Awesome

Post: Tracing Kafka Applications

Tracing is one of the hardest time in integration or microservice development: knowing how a request impact your different components, and if your components have behave as expected.

This could be fairly easy if we have monolith where we have one database and with some queries or checking one log file you can validate everything went well.

Once you introduce distributed components and asynchronous communication this starts to get more complex and tedious.

OpenTracing (http://opentracing.io/) offers a way to solve this bringing a vendor neutral API to be able to create spans that represent the meaningful tasks that form part of a trace.

Use-Case

In this post we will see how to instrument Java applications that communicates using Apache Kafka as Event Log, and how visualize traces and analyze latency.

The scenario will be a simple Hello World Producer/Consumer. The producer side will send a "greeting" event to "greetings-topic", and the consumer side will poll events and print out to console.

Technologies

Dropwizard: Framework to run Web Services.
Apache Kafka: Event Log.
OpenTracing and Jaeger: API and instrumentation for distributed tracing.

Implementation

Let's assume we have a simple application that produce greetings events and another application that consumes and print those events.

To execute this applications let's first start a local version of Kafka:

Install and Run Kafka

First, execute the script to install Kafka:

cd kafka/
./install-kafka.sh

Once it is installed, start Zookeeper and then one Kafka broker:

./start-zookeeper.sh
...
[2017-09-27 22:09:26,634] INFO binding to port 0.0.0.0/0.0.0.0:2181 (org.apache.zookeeper.server.NIOServerCnxnFactory)
...

./start-broker.sh
...
[2017-09-27 22:09:33,814] INFO Registered broker 0 at path /brokers/ids/0 with addresses: EndPoint(jeqo-Oryx-Pro,9092,ListenerName(PLAINTEXT),PLAINTEXT) (kafka.utils.ZkUtils)
...
[2017-09-27 22:09:33,817] INFO [Kafka Server 0], started (kafka.server.KafkaServer)
...

Run Applications

Start Producer Side

To get started, let's start the producer side and test it.

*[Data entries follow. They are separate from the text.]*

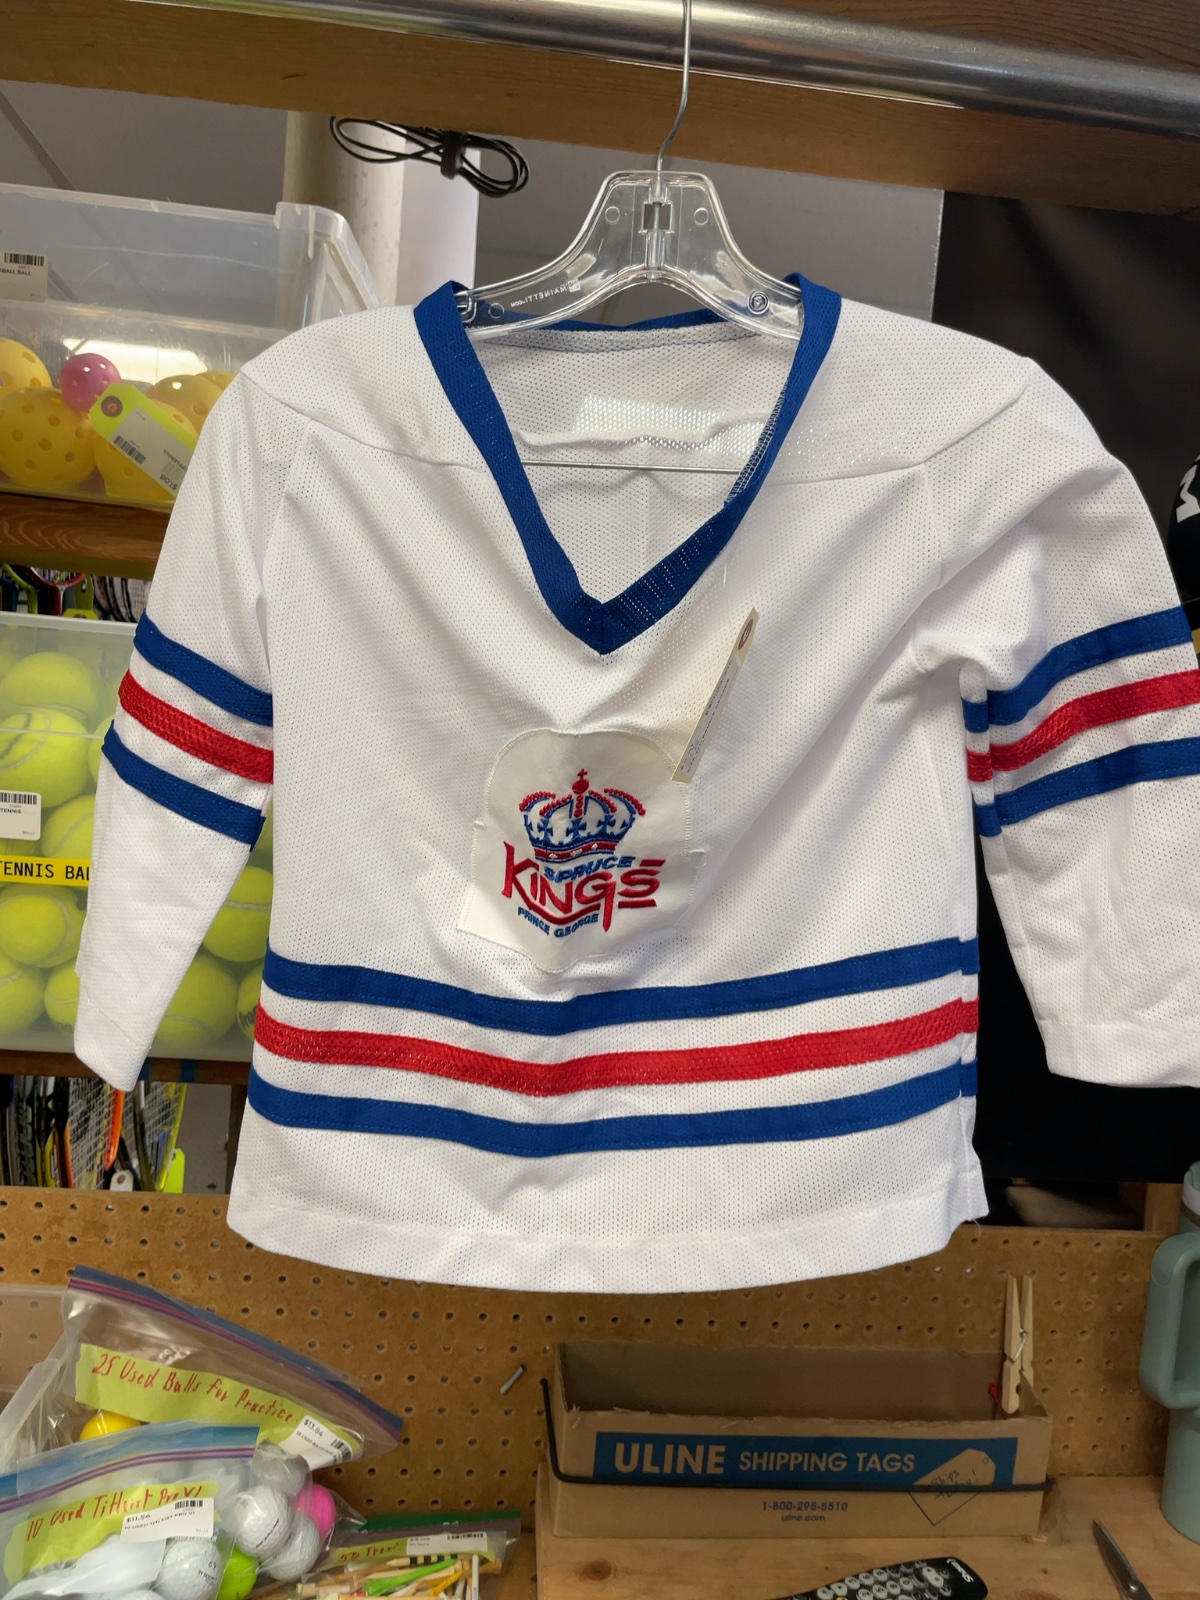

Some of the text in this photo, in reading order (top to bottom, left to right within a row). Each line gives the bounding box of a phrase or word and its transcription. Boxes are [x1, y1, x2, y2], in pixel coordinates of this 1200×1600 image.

[0, 860, 55, 878] ENNIS
[543, 855, 636, 884] SPRUCE
[517, 906, 600, 938] PRINCE GEORGE
[92, 1353, 121, 1376] 25
[120, 1359, 161, 1389] Used
[614, 1442, 916, 1475] ULINE SHIPPING TAGS
[762, 1501, 849, 1512] 1-800-295-5510

Build the whole project: ./mvnw clean install

And start the producer application:

cd hello-world-producer/
java -jar target/hello-world-producer.jar server config.yml

This will start a web server listening on port 8080.

We have a resource listening on context /hello and an operation GET /hello/{name} that will call the KafkaHelloWorldProducer that sends the record to Kafka.

Once the applications is started, we can call the operation with curl:

curl -XGET http://localhost:8080/hello/jeqo
done.

Start Consumer Side

Once producer side is started and running, we can start consumer side to print out the events:

java -jar target/hello-world-consumer.jar server config.yml
...
Hi jeqo
...

So far these are common Kafka producer/consumer applications.

Source code on branch: steps/step-01

OpenTracing Instrumentation

OpenTracing has enrich its integration throw projects that we can contribute: https://github.com/opentracing-contrib/

We will follow the next steps:

Instrument Dropwizard
Instrument Kafka Producer
Instrument Kafka Consumer
Test complete Traces

Instrument Dropwizard

We are following this step to have a complete view since request is received.

Firsts let's add Maven dependencies:

        <dependency>
            <groupId>io.opentracing</groupId>
            <artifactId>opentracing-api</artifactId>
            <version>0.30.0</version>
        </dependency>
        <dependency>
            <groupId>io.opentracing.contrib.dropwizard</groupId>
            <artifactId>dropwizard-opentracing</artifactId>
            <version>0.2.2</version>
        </dependency>
        <dependency>
            <groupId>com.uber.jaeger</groupId>
            <artifactId>jaeger-core</artifactId>
        </dependency>

First, the opentracing-api dependency.

Then dropwizard-opentracing that is the instrumentation for DropWizard applications that handles traces for all of your JAX-RS resource's operations by default.

And jaeger-core that implements OpenTracing API and adds the Jaeger Java Client to connect to Jaeger Agent.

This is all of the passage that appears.